Top Muslim rebel arrested ahead of Philippine peace deal

Daily News Egypt
4 Min Read
File photo taken on February 11, 2013 shows MILF rebels standing guard near the venue where Philippine President Benigno Aquino will be attending a ceremony as part of his visit to the rebels' stronghold in Sultan Kudarat on Mindanao island  (AFP/File, Richele Umel)
File photo taken on February 11, 2013 shows MILF rebels standing guard near the venue where Philippine President Benigno Aquino will be attending a ceremony as part of his visit to the rebels’ stronghold in Sultan Kudarat on Mindanao island
(AFP/File, Richele Umel)

AFP – Philippine security forces arrested a key member of the country’s main Muslim rebel group, officials said Monday, potentially undermining a peace deal aimed at ending a decades-long insurgency that has left tens of thousands dead.

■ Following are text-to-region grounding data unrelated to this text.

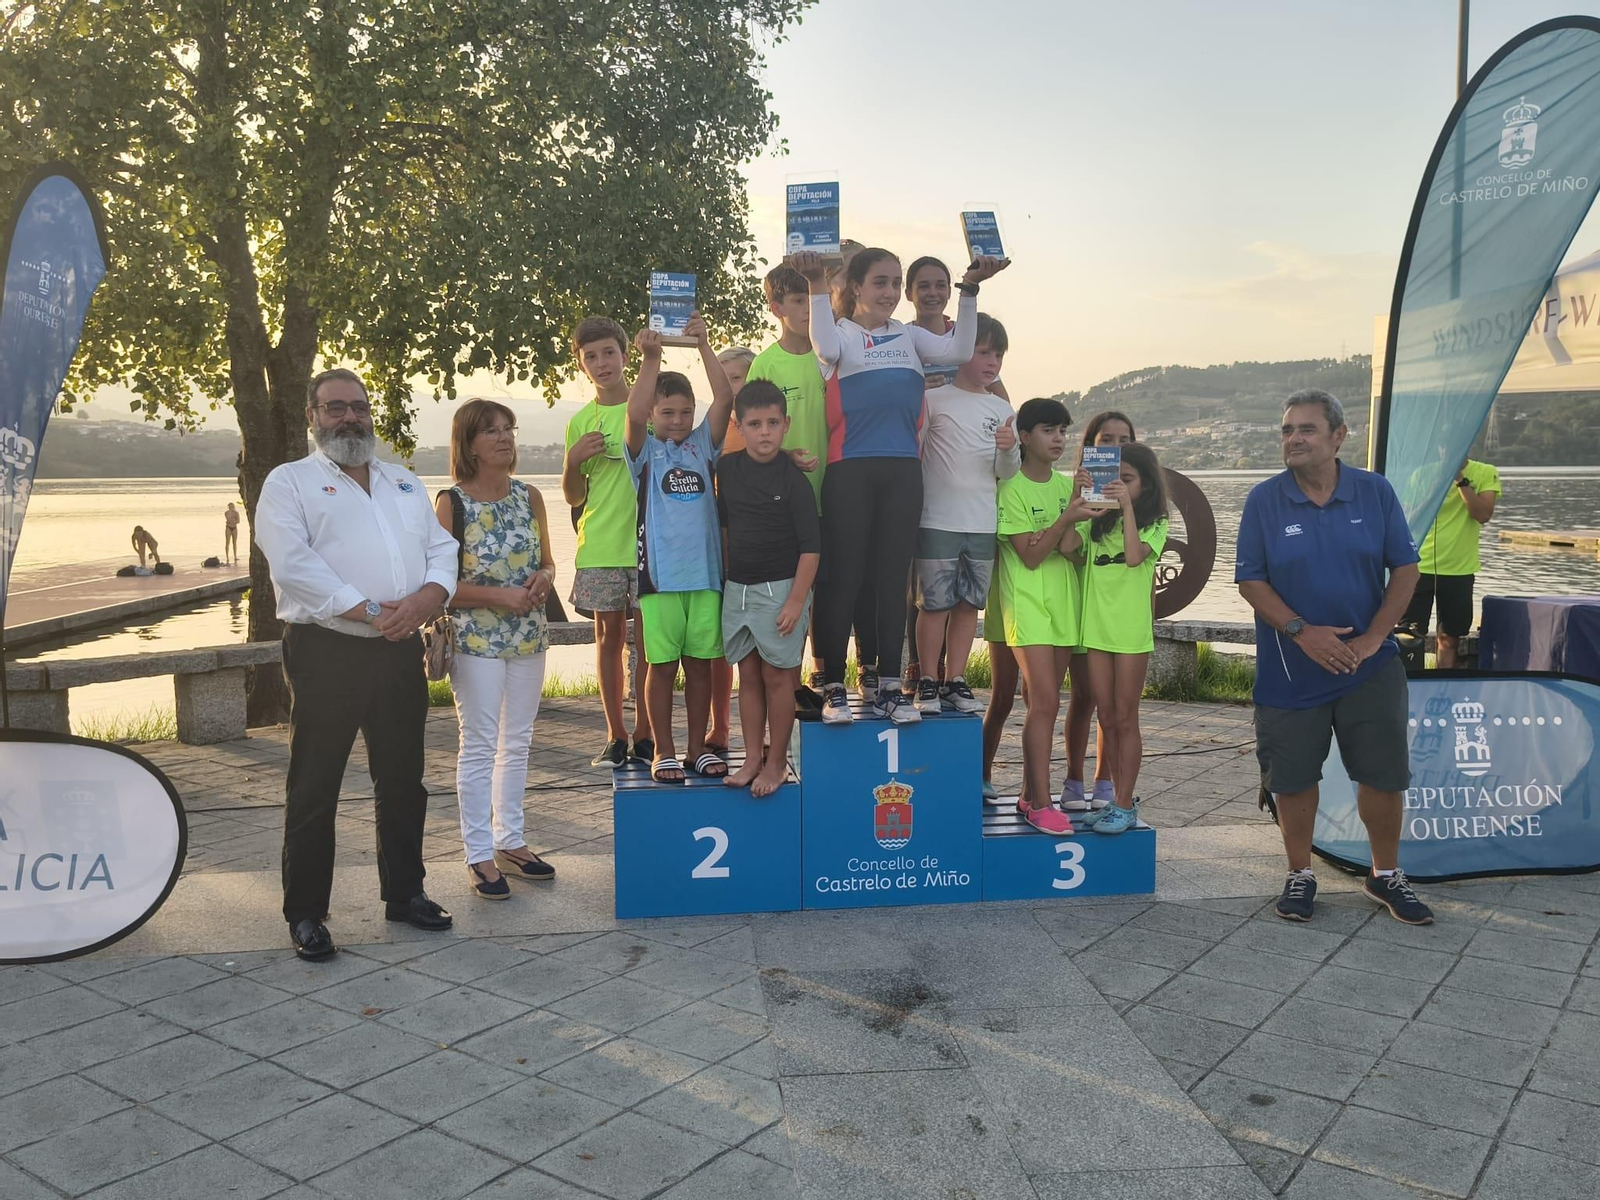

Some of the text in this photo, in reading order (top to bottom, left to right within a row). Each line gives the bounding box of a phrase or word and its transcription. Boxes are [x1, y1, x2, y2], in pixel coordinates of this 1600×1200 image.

[1476, 168, 1552, 186] CONCELLO DE
[788, 185, 808, 194] COPA
[788, 190, 832, 200] DEPUTACIÓN
[1440, 175, 1588, 205] CASTRELO DE MIÑO
[652, 272, 669, 280] COPA
[652, 279, 690, 288] DEPUTACIÓN
[864, 350, 909, 359] RODEIRA
[877, 728, 899, 774] 1
[1404, 778, 1563, 809] EPUTACIÓN
[1410, 815, 1543, 840] OURENSE
[691, 826, 730, 879] 2
[847, 855, 939, 872] Concello de
[1052, 842, 1086, 890] 3
[815, 870, 970, 893] Castrelo de Miño

Wahid Tundok – described by the military as a “high value target” and a senior member of the Moro Islamic Liberation Front (MILF) – was arrested Sunday as he passed through a joint military and police roadblock escorted by armed bodyguards near the southern city of Cotabato, police said.

The authorities said Tundok had outstanding warrants of arrest for various criminal offences, including arson, although members of the MILF’s peace panel said he had been actively helping out in the peace process and was supposed to be covered by an immunity guarantee from the government.

“He was arrested along with his armed followers while onboard a pickup truck at the police-military check point,” said regional police chief Superintendent Jovit Culaway.

Culaway said high-powered firearms were confiscated from Tundok, described as a Muslim cleric who heads one of the 12,000-strong MILF’s “base commands” on the volatile southern island of Mindanao.

He said Tundok was “a high value target” being kept at a military base in the south.

MILF political affairs chief Ghazali Jaafar said they had protested against the arrest, and were demanding Tundok’s immediate release through a joint ceasefire mechanism.

“The MILF Central Committee is doing everything to resolve the problem,” he said.

President Benigno Aquino’s top adviser on the peace talks, Teresita Deles, lamented that the arrest came at a “sensitive stage” and just weeks ahead of a likely final peace agreement.

“This (the release of Tundok) is already under discussion with our security forces,” Deles said, adding that both sides were working on a “mutually acceptable resolution” of the issue.

A source close to the talks told AFP Tundok and his men had assisted the military in its hunt for members of the Bangsamoro Islamic Freedom Fighters (BIFF), a breakaway faction responsible for a series of attacks in a bid to sabotage the peace deal.

The joint operations were carried out as part of confidence-building measures as both sides prepared to sign a final peace deal.

The arrest, according to the source, could complicate the deal.

The government wrapped up talks with the MILF in January and Deles said a final peace accord could be signed as early as mid-March.

The plan calls for the creation of an expanded autonomous area, the sharing of mineral wealth between the state and the rebels, as well as the eventual disarming of the rebel fighters in hopes of ending a rebellion that has left some 150,000 dead since the 1970s.